---- Listed entries

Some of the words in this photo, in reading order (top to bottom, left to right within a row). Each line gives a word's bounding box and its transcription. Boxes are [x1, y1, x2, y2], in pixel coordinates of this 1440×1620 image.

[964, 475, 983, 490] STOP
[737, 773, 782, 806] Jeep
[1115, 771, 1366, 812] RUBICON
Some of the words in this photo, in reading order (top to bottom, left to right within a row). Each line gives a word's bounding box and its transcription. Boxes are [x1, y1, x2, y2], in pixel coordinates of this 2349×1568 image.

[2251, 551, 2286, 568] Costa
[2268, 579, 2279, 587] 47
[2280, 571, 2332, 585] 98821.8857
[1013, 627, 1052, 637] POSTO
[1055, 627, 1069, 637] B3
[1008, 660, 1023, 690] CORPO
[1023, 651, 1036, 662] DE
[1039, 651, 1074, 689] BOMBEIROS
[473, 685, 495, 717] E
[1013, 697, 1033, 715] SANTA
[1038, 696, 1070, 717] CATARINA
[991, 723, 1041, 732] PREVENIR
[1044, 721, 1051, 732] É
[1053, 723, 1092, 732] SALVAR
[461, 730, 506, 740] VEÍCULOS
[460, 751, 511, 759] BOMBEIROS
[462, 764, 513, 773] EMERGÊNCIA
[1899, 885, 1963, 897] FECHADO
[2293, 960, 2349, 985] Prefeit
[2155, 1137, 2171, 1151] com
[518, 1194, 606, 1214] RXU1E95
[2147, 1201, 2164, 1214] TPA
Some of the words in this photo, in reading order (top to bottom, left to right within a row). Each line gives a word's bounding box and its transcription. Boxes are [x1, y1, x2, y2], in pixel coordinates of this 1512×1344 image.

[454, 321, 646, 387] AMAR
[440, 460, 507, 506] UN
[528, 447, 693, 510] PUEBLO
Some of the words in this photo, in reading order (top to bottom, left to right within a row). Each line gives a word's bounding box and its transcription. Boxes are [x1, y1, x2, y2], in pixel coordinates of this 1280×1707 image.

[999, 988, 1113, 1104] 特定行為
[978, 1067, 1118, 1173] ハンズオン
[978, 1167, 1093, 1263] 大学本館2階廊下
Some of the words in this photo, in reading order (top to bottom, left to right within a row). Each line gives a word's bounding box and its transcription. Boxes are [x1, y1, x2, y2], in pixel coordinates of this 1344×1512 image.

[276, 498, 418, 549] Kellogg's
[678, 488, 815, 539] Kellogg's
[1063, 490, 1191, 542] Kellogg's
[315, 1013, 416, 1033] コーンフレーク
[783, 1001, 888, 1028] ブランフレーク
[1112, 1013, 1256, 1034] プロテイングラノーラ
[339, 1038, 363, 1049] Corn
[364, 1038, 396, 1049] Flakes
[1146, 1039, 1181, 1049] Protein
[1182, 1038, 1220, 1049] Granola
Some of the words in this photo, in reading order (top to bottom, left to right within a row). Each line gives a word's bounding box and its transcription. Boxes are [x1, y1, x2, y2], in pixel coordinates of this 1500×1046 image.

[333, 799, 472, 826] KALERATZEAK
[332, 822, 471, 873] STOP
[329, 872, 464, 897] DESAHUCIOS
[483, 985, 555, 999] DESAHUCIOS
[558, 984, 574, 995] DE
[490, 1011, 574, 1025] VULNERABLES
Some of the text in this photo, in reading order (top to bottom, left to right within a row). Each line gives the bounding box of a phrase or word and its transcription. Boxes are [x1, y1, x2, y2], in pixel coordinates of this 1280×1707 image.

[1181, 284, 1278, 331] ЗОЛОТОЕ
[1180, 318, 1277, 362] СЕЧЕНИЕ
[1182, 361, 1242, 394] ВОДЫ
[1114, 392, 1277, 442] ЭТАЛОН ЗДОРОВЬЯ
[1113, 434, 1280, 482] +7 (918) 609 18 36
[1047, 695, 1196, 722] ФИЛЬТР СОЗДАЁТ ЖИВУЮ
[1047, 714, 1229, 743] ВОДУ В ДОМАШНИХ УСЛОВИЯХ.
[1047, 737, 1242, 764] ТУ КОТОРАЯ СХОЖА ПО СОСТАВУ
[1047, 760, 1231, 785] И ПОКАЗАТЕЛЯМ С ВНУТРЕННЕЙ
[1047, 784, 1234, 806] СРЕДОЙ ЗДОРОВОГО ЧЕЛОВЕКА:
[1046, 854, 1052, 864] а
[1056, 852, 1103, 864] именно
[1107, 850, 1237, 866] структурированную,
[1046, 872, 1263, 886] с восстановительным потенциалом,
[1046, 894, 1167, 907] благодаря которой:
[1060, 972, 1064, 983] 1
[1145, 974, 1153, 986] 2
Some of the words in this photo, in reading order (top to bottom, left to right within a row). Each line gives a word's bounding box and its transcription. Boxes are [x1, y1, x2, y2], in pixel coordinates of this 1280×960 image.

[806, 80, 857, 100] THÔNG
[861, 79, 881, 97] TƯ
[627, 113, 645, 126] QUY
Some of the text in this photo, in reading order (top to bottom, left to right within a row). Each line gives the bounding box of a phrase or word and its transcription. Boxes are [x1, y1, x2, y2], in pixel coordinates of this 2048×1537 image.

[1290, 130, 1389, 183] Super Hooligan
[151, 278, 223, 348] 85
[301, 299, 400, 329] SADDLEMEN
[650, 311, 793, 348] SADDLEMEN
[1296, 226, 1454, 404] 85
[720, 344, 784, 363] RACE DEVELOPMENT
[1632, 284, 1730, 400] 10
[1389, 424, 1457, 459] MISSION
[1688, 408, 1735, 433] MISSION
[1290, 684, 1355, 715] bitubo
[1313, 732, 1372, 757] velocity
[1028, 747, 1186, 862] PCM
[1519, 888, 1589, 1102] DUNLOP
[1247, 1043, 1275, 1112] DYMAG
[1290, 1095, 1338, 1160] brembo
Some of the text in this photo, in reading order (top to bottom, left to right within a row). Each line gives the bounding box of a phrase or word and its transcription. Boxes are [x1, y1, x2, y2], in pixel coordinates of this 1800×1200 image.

--------

* Task brief *
Write every entry out again exactly.

* Task output *
Some of the words in this photo, in reading order (top to bottom, left to right within a row). Each line gives a word's bounding box and its transcription. Boxes are [x1, y1, x2, y2], in pixel coordinates of this 1440×1620 image.

[964, 475, 983, 490] STOP
[737, 773, 782, 806] Jeep
[1115, 771, 1366, 812] RUBICON
Some of the words in this photo, in reading order (top to bottom, left to right within a row). Each line gives a word's bounding box and its transcription. Boxes are [x1, y1, x2, y2], in pixel coordinates of this 2349×1568 image.

[2251, 551, 2286, 568] Costa
[2268, 579, 2279, 587] 47
[2280, 571, 2332, 585] 98821.8857
[1013, 627, 1052, 637] POSTO
[1055, 627, 1069, 637] B3
[1008, 660, 1023, 690] CORPO
[1023, 651, 1036, 662] DE
[1039, 651, 1074, 689] BOMBEIROS
[473, 685, 495, 717] E
[1013, 697, 1033, 715] SANTA
[1038, 696, 1070, 717] CATARINA
[991, 723, 1041, 732] PREVENIR
[1044, 721, 1051, 732] É
[1053, 723, 1092, 732] SALVAR
[461, 730, 506, 740] VEÍCULOS
[460, 751, 511, 759] BOMBEIROS
[462, 764, 513, 773] EMERGÊNCIA
[1899, 885, 1963, 897] FECHADO
[2293, 960, 2349, 985] Prefeit
[2155, 1137, 2171, 1151] com
[518, 1194, 606, 1214] RXU1E95
[2147, 1201, 2164, 1214] TPA
Some of the words in this photo, in reading order (top to bottom, left to right within a row). Each line gives a word's bounding box and its transcription. Boxes are [x1, y1, x2, y2], in pixel coordinates of this 1512×1344 image.

[454, 321, 646, 387] AMAR
[440, 460, 507, 506] UN
[528, 447, 693, 510] PUEBLO
Some of the words in this photo, in reading order (top to bottom, left to right within a row). Each line gives a word's bounding box and its transcription. Boxes are [x1, y1, x2, y2], in pixel coordinates of this 1280×1707 image.

[999, 988, 1113, 1104] 特定行為
[978, 1067, 1118, 1173] ハンズオン
[978, 1167, 1093, 1263] 大学本館2階廊下
Some of the words in this photo, in reading order (top to bottom, left to right within a row). Each line gives a word's bounding box and its transcription. Boxes are [x1, y1, x2, y2], in pixel coordinates of this 1344×1512 image.

[276, 498, 418, 549] Kellogg's
[678, 488, 815, 539] Kellogg's
[1063, 490, 1191, 542] Kellogg's
[315, 1013, 416, 1033] コーンフレーク
[783, 1001, 888, 1028] ブランフレーク
[1112, 1013, 1256, 1034] プロテイングラノーラ
[339, 1038, 363, 1049] Corn
[364, 1038, 396, 1049] Flakes
[1146, 1039, 1181, 1049] Protein
[1182, 1038, 1220, 1049] Granola
Some of the words in this photo, in reading order (top to bottom, left to right within a row). Each line gives a word's bounding box and its transcription. Boxes are [x1, y1, x2, y2], in pixel coordinates of this 1500×1046 image.

[333, 799, 472, 826] KALERATZEAK
[332, 822, 471, 873] STOP
[329, 872, 464, 897] DESAHUCIOS
[483, 985, 555, 999] DESAHUCIOS
[558, 984, 574, 995] DE
[490, 1011, 574, 1025] VULNERABLES
Some of the text in this photo, in reading order (top to bottom, left to right within a row). Each line gives the bounding box of a phrase or word and its transcription. Boxes are [x1, y1, x2, y2], in pixel coordinates of this 1280×1707 image.

[1181, 284, 1278, 331] ЗОЛОТОЕ
[1180, 318, 1277, 362] СЕЧЕНИЕ
[1182, 361, 1242, 394] ВОДЫ
[1114, 392, 1277, 442] ЭТАЛОН ЗДОРОВЬЯ
[1113, 434, 1280, 482] +7 (918) 609 18 36
[1047, 695, 1196, 722] ФИЛЬТР СОЗДАЁТ ЖИВУЮ
[1047, 714, 1229, 743] ВОДУ В ДОМАШНИХ УСЛОВИЯХ.
[1047, 737, 1242, 764] ТУ КОТОРАЯ СХОЖА ПО СОСТАВУ
[1047, 760, 1231, 785] И ПОКАЗАТЕЛЯМ С ВНУТРЕННЕЙ
[1047, 784, 1234, 806] СРЕДОЙ ЗДОРОВОГО ЧЕЛОВЕКА:
[1046, 854, 1052, 864] а
[1056, 852, 1103, 864] именно
[1107, 850, 1237, 866] структурированную,
[1046, 872, 1263, 886] с восстановительным потенциалом,
[1046, 894, 1167, 907] благодаря которой:
[1060, 972, 1064, 983] 1
[1145, 974, 1153, 986] 2
Some of the words in this photo, in reading order (top to bottom, left to right within a row). Each line gives a word's bounding box and its transcription. Boxes are [x1, y1, x2, y2], in pixel coordinates of this 1280×960 image.

[806, 80, 857, 100] THÔNG
[861, 79, 881, 97] TƯ
[627, 113, 645, 126] QUY
Some of the text in this photo, in reading order (top to bottom, left to right within a row). Each line gives the bounding box of a phrase or word and its transcription. Boxes are [x1, y1, x2, y2], in pixel coordinates of this 2048×1537 image.

[1290, 130, 1389, 183] Super Hooligan
[151, 278, 223, 348] 85
[301, 299, 400, 329] SADDLEMEN
[650, 311, 793, 348] SADDLEMEN
[1296, 226, 1454, 404] 85
[720, 344, 784, 363] RACE DEVELOPMENT
[1632, 284, 1730, 400] 10
[1389, 424, 1457, 459] MISSION
[1688, 408, 1735, 433] MISSION
[1290, 684, 1355, 715] bitubo
[1313, 732, 1372, 757] velocity
[1028, 747, 1186, 862] PCM
[1519, 888, 1589, 1102] DUNLOP
[1247, 1043, 1275, 1112] DYMAG
[1290, 1095, 1338, 1160] brembo
Some of the text in this photo, in reading order (top to bottom, left to right within a row). Each line gives the bounding box of a phrase or word and its transcription. Boxes are [x1, y1, x2, y2], in pixel coordinates of this 1800×1200 image.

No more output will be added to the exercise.